» EXERCISE: Could you transcribe all of the data exactly and skip any pictures?

» INPUT DATA:
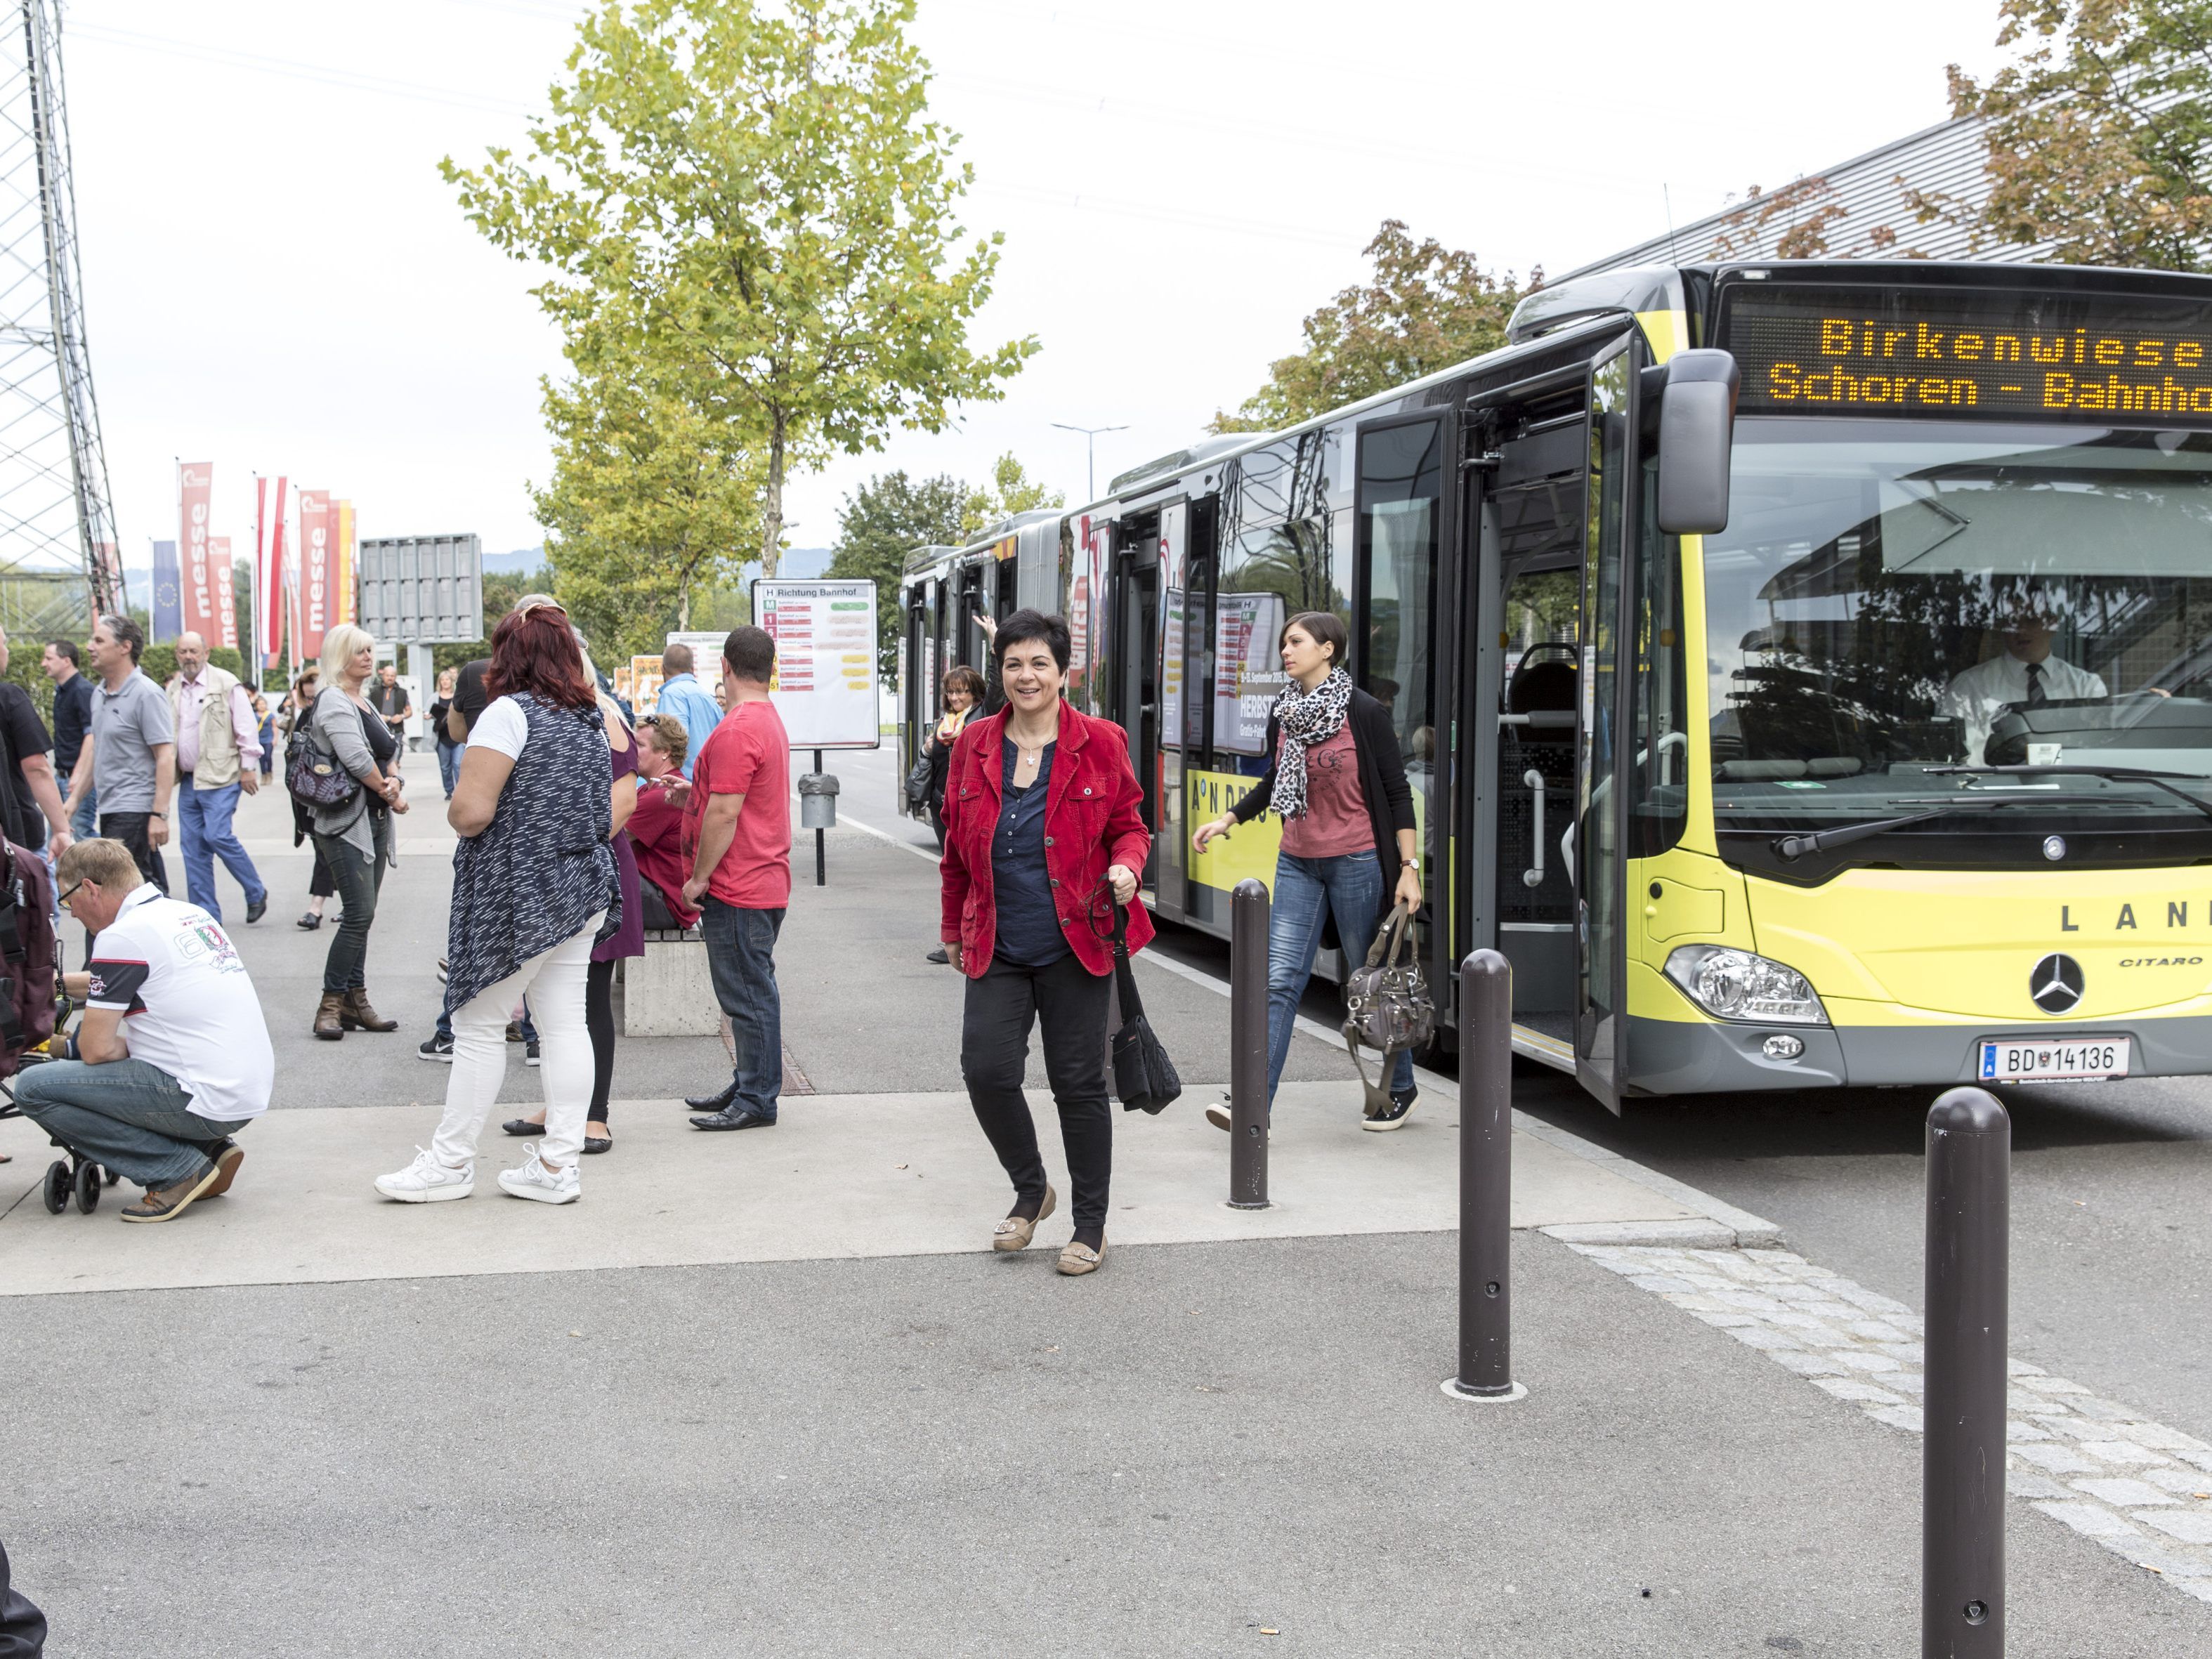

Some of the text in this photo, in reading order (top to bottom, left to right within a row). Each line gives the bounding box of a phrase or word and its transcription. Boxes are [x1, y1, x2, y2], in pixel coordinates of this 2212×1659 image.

[1821, 319, 2204, 368] Birkenwiese
[1769, 362, 1977, 405] Schoren
[191, 502, 211, 618] messe
[310, 527, 327, 632] messe
[766, 601, 775, 609] M
[778, 589, 817, 598] Richtung
[768, 615, 773, 624] 1
[1251, 671, 1272, 685] September
[1240, 694, 1276, 719] HERBST
[2062, 900, 2212, 932] LAN
[2119, 957, 2204, 967] CITARO
[1985, 1065, 1993, 1073] A
[2008, 1047, 2114, 1072] BD 14136

» SOLUTION TO THIS PROBLEM:
Some of the text in this photo, in reading order (top to bottom, left to right within a row). Each line gives the bounding box of a phrase or word and its transcription. Boxes are [x1, y1, x2, y2], in pixel coordinates of this 2212×1659 image.

[1821, 319, 2204, 368] Birkenwiese
[1769, 362, 1977, 405] Schoren
[191, 502, 211, 618] messe
[310, 527, 327, 632] messe
[766, 601, 775, 609] M
[778, 589, 817, 598] Richtung
[768, 615, 773, 624] 1
[1251, 671, 1272, 685] September
[1240, 694, 1276, 719] HERBST
[2062, 900, 2212, 932] LAN
[2119, 957, 2204, 967] CITARO
[1985, 1065, 1993, 1073] A
[2008, 1047, 2114, 1072] BD 14136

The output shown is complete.